Charles "Rocky" 'Roberts (August 23, 1940 – January 13, 2005) was an American naturalized Italian rhythm and blues singer.

Born in Tanner, Alabama, Roberts served in the United States Navy and was a Navy champion boxer. He first got interested in singing after listening to a country-oriented musician named Doug Fowlkes, whose band the Airdales (US-navy slang for Navy pilots) used to perform on the ship where Roberts was stationed. Fowlkes, impressed by Roberts' voice, eventually agreed to let him sit in with the band.

Roberts won a singing competition while on shore leave in Juan-les-Pins, France, and chose to stay in Europe after retiring from the Navy in 1962.

Roberts had a stint in France
performing at ORTF television
show Les raisins verts, and achieved some success with an early version of "T-Bird" and "Monkiss".

In 1965 Renzo Arbore and Gianni Boncompagni invited Roberts to Rome to record the theme of their Radio Show, Bandiera Gialla. The song, "T-Bird", was a hit in the Italian charts and Roberts settled in Rome.

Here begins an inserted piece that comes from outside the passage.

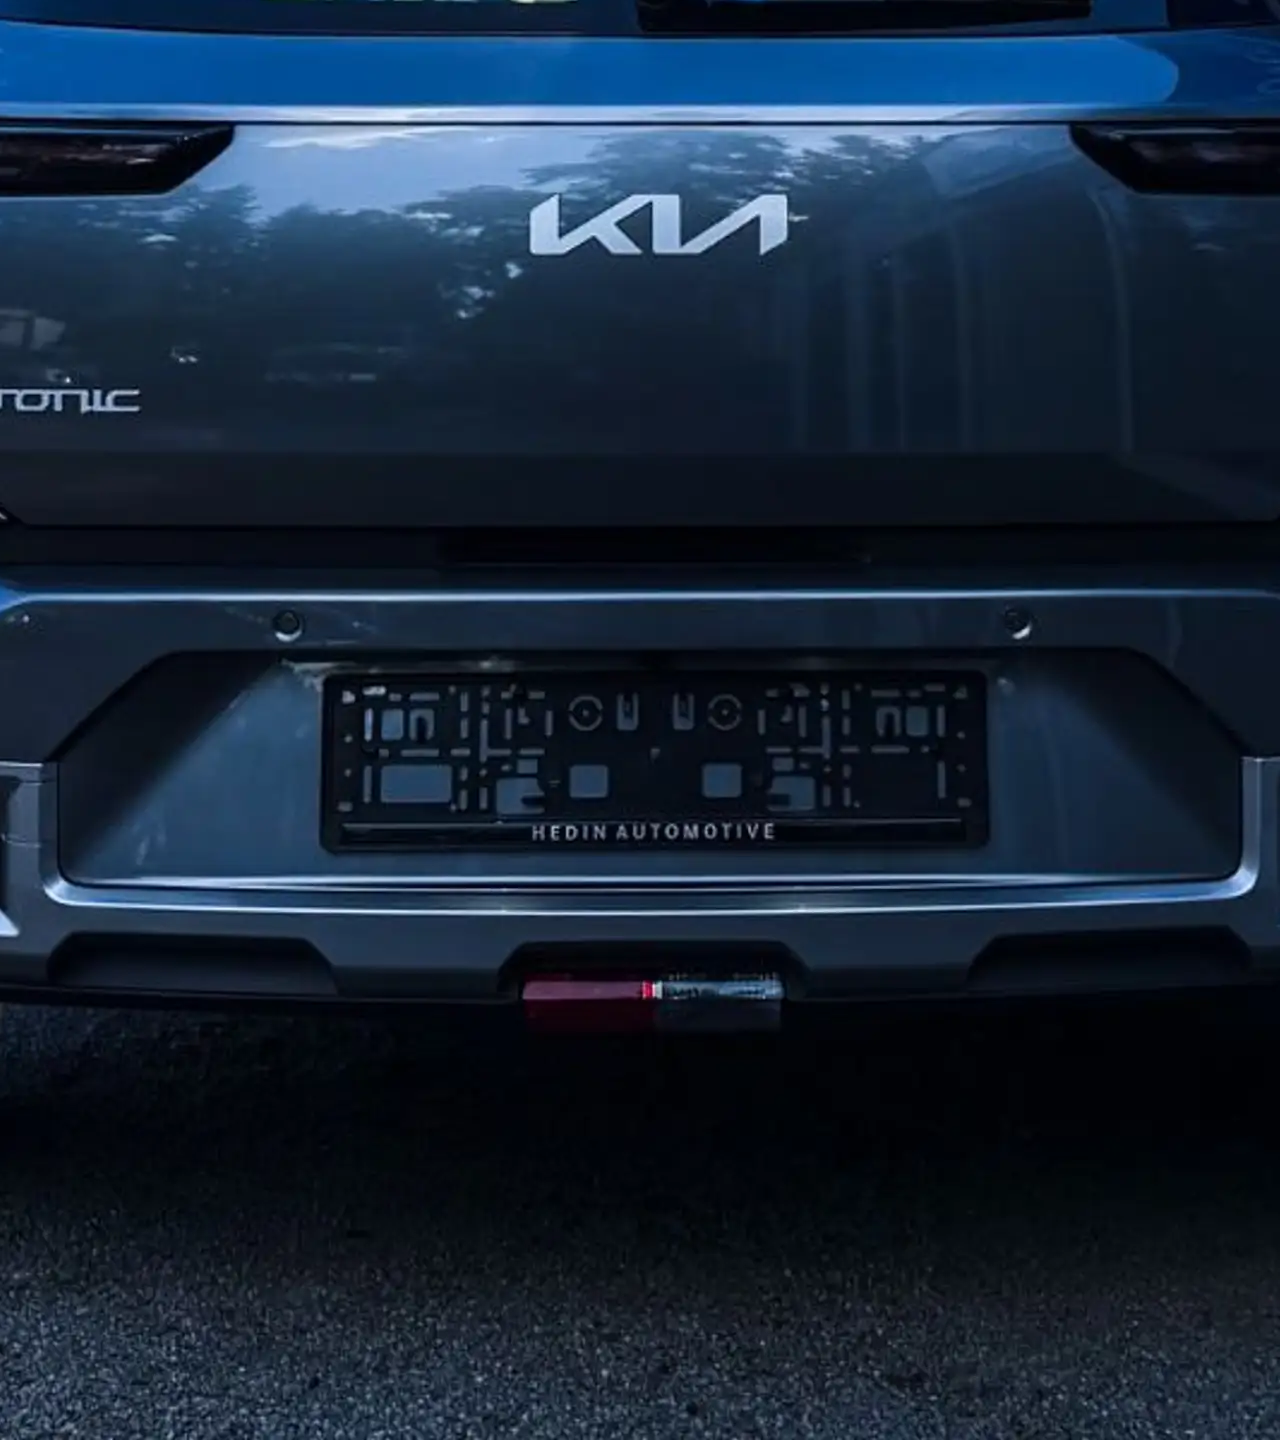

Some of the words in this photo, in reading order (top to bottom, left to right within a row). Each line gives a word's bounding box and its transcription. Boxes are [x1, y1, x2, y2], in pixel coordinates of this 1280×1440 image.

[529, 193, 788, 256] KIA
[531, 824, 607, 841] HEDIN
[615, 822, 776, 841] AUTOMOTIVE

In 1967, Roberts had a major Italian hit, "Stasera mi butto", which sold 3.7 million copies and won the Festivalbar. The song's success led to a 1967 motion picture of the same title, starring Roberts. He appeared subsequently in several other Italian films.

He was known for always wearing dark sunglasses.

Roberts sang the Luis Bacalov-written theme song from the 1966 film, Django. Quentin Tarantino reused the recording as the opening theme for his 2012 film Django Unchained.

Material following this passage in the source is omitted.